Algérie Poursuite des manifestations en Algérie

ATS

5.4.2019 - 15:34

Pour les manifestants, «le départ de Bouteflika ne veut rien dire si ses hommes continuent à gérer le pays».
Pour les manifestants, «le départ de Bouteflika ne veut rien dire si ses hommes continuent à gérer le pays».
Source: KEYSTONE/EPA/MOHAMED MESSARA

Des milliers de personnes ont manifesté vendredi à Alger pour dire leur refus de toute implication des anciens fidèles d'Abdelaziz Bouteflika dans la transition politique. Il s'agissait du premier grand rassemblement depuis l'annonce mardi du départ du chef de l'Etat.

Déterminés à se débarrasser du «système», les Algériens sont descendus dans la rue à Alger pour le septième vendredi consécutif, principalement sur la place de la Grande Poste. Epicentre des grands rassemblements hebdomadaires, cette place résonnait de chants et de slogans, comme «On ne pardonnera pas!«, référence à la lettre d'adieu du président dans laquelle il a demandé pardon aux Algériens.

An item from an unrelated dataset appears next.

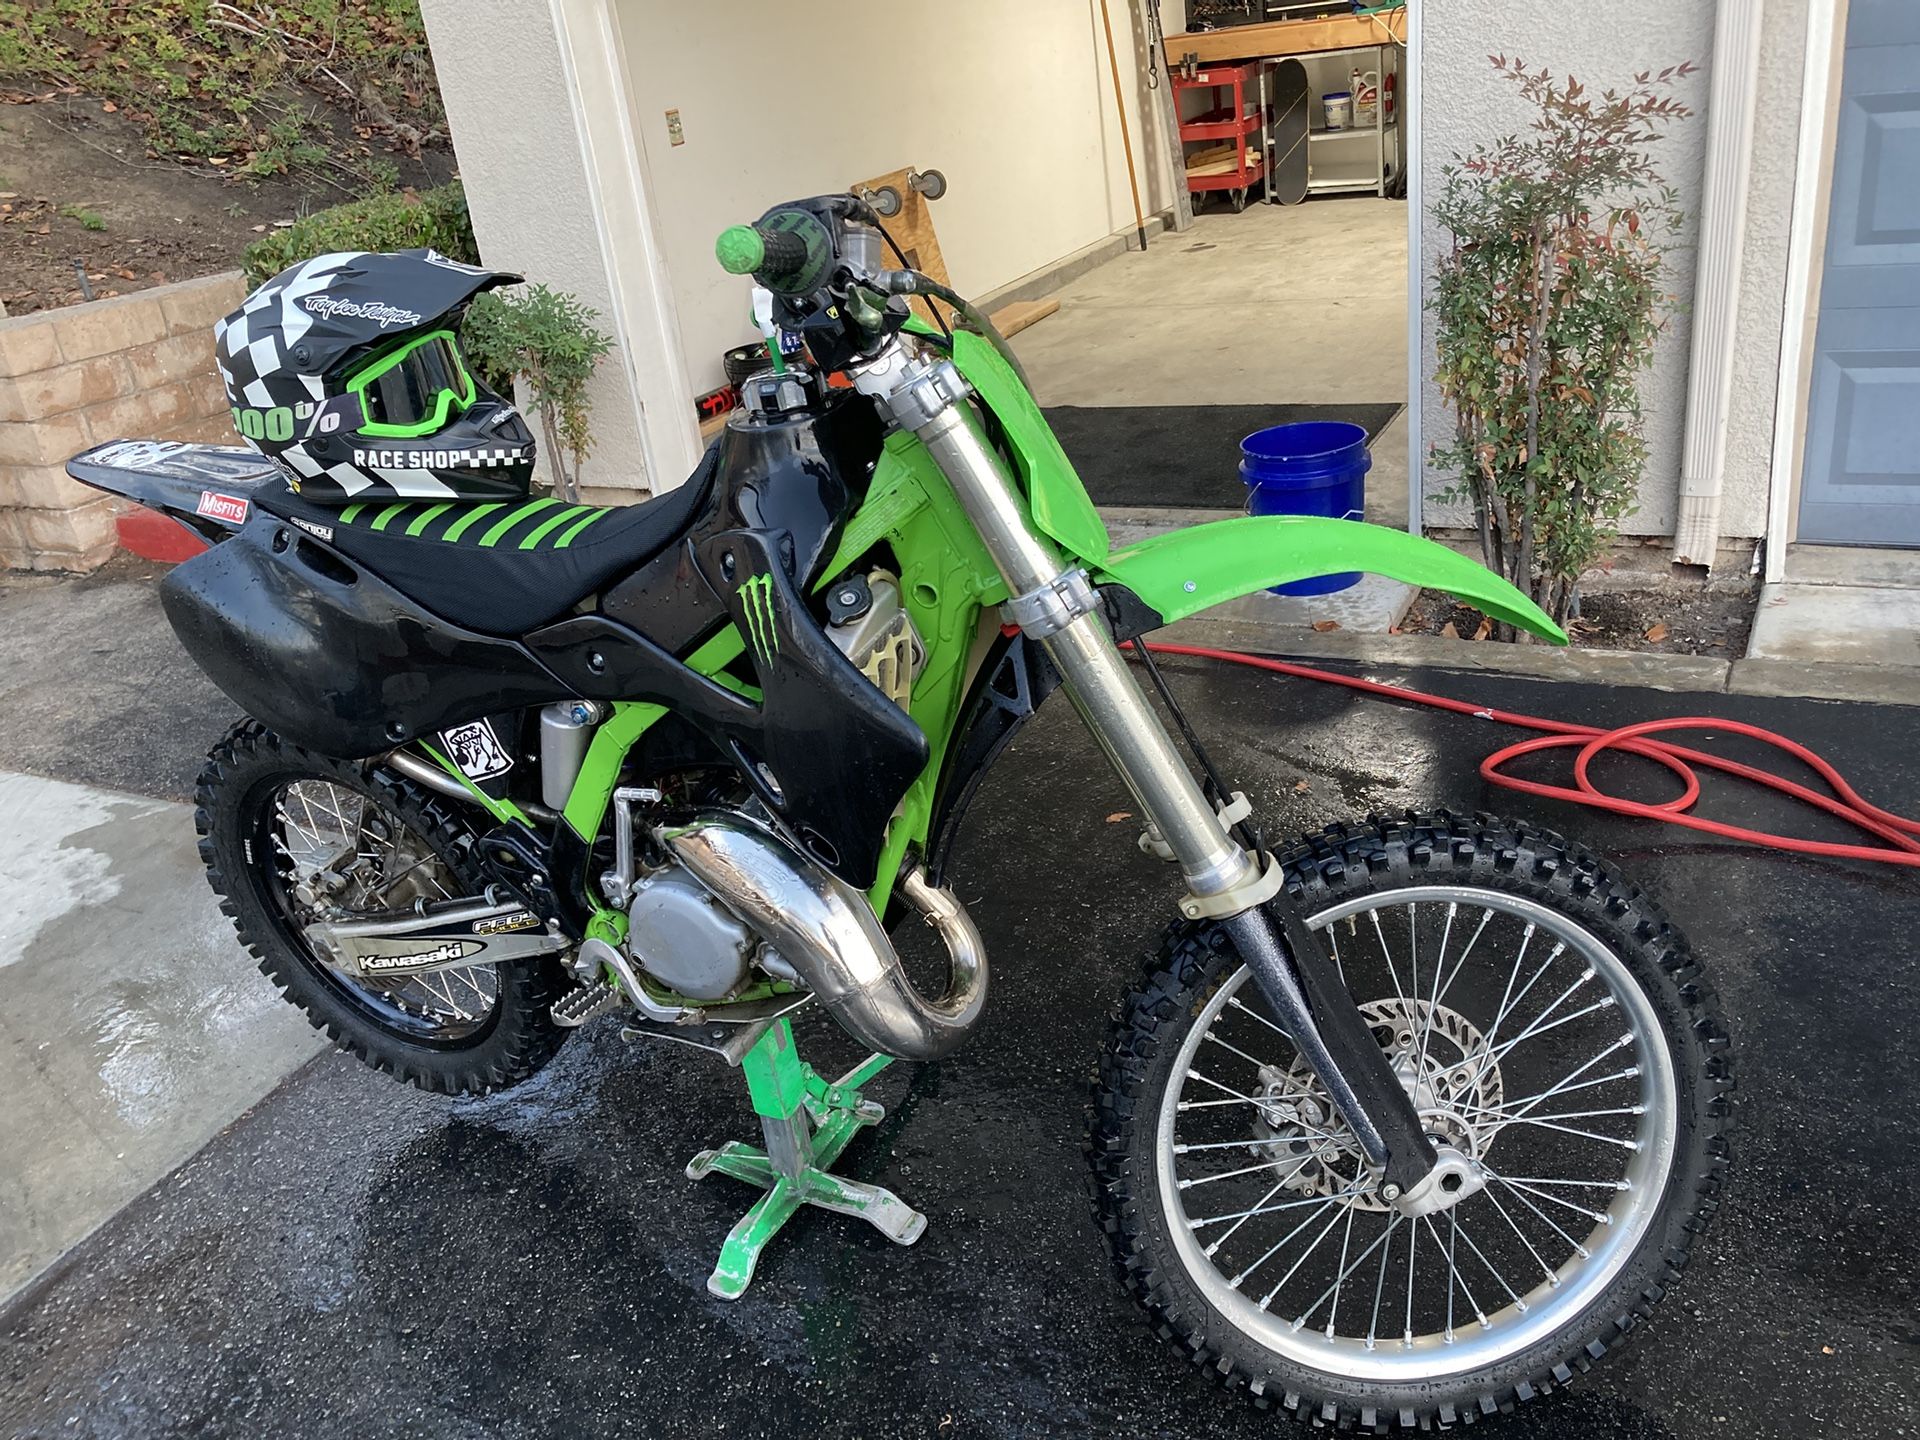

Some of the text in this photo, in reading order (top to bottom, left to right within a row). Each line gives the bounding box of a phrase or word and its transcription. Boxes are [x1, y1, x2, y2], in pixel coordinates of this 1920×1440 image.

«Le départ de Bouteflika ne veut rien dire si ses hommes continuent à gérer le pays», a déclaré Said Wafi, 42 ans, employé d'une banque publique venu de Boumerdès. «Bouteflika était très malade, il ne gouvernait pas en réalité et rien ne changera s'il part seul et laisse ses hommes», renchérit Samir Ouzine, un étudiant de 19 ans.

Contre les «3B»

Dans une vidéo postée sur internet, l'avocat Mustapha Bouchachi, une des voix de la contestation, a appelé les Algériens à faire de ce vendredi «un grand jour». «La démission du président ne signifie pas qu'on a eu réellement gain de cause».

Les protestataires appellent au départ des «3B», Abdelkader Bensalah, Tayeb Belaiz et Noureddine Bedoui, trois hommes-clés de l'appareil mis en place par M. Bouteflika et à qui la Constitution confie les rênes du processus d'intérim.

Président depuis plus de seize ans du Conseil de la Nation (chambre haute), M. Bensalah est chargé par la Constitution de le remplacer pour trois mois à la tête de l'Etat, le temps d'élire un nouveau président. Tayeb Belaiz, qui fut ministre durant ces seize ans, préside lui le Conseil constitutionnel, chargé de contrôler la régularité du scrutin.

Quant au Premier ministre Noureddine Bedoui, il était jusqu'à sa nomination le 11 mars le très zélé ministre de l'Intérieur. Aux yeux des manifestants, il est l'«ingénieur en chef de la fraude électorale et (un) ennemi des libertés», comme l'a qualifié le quotidien El Watan.

Volonté de réformes

«S'en tenir à la Constitution» et confier l'intérim et l'organisation des élections à des hommes incarnant le système, «va probablement susciter pas mal de protestations, les contestataires doutant que les élections soient équitables (...) et libres», estime Isabelle Werenfels, chercheuse associée à l'Institut allemand pour les Affaires internationales et de Sécurité.

A la place, les manifestants appellent à la mise sur pied d'institutions de transition à même d'engager des réformes et d'organiser des élections libres.

«L'après Bouteflika n'est pas clair». La rue et l'opposition «appellent à une nouvelle Constitution, une nouvelle loi électorale», souligne Hamza Meddeb, chercheur sur le Moyen-Orient à l'Institut universitaire européen de Florence. Selon lui, le pays entre dans «la phase la plus délicate».

«L'armée et le peuple sont frères»

Grand vainqueur de son bras de fer avec l'entourage de M. Bouteflika, le général Ahmed Gaïd Salah, chef d'état-major de l'armée, apparaît comme l'homme fort du pays actuellement.

Mais, souligne Hasni Abidi, directeur du Centre d'études et de recherche sur le monde arabe et méditerranéen (CERMAM) à Genève, «la rue est devenue le nouvel acteur dans la vie politique algérienne» et «on ne connaît pas grand-chose des intentions de l'armée concernant la gestion de l'après-Bouteflika».

D'autant que le général Gaïd Salah est lui aussi largement perçu par les manifestants comme un homme du «système» Bouteflika qu'il avait fidèlement servi depuis sa nomination à la tête de l'armée en 2004.

«L'armée et le peuple sont frères», ont scandé les manifestants vendredi à Alger. «Nous voulons recouvrer notre liberté, notre souveraineté. (...) J'espère vivre assez longtemps pour vivre la démocratie dans mon pays», confie Saïd Zeroual, 75 ans, les larmes aux yeux.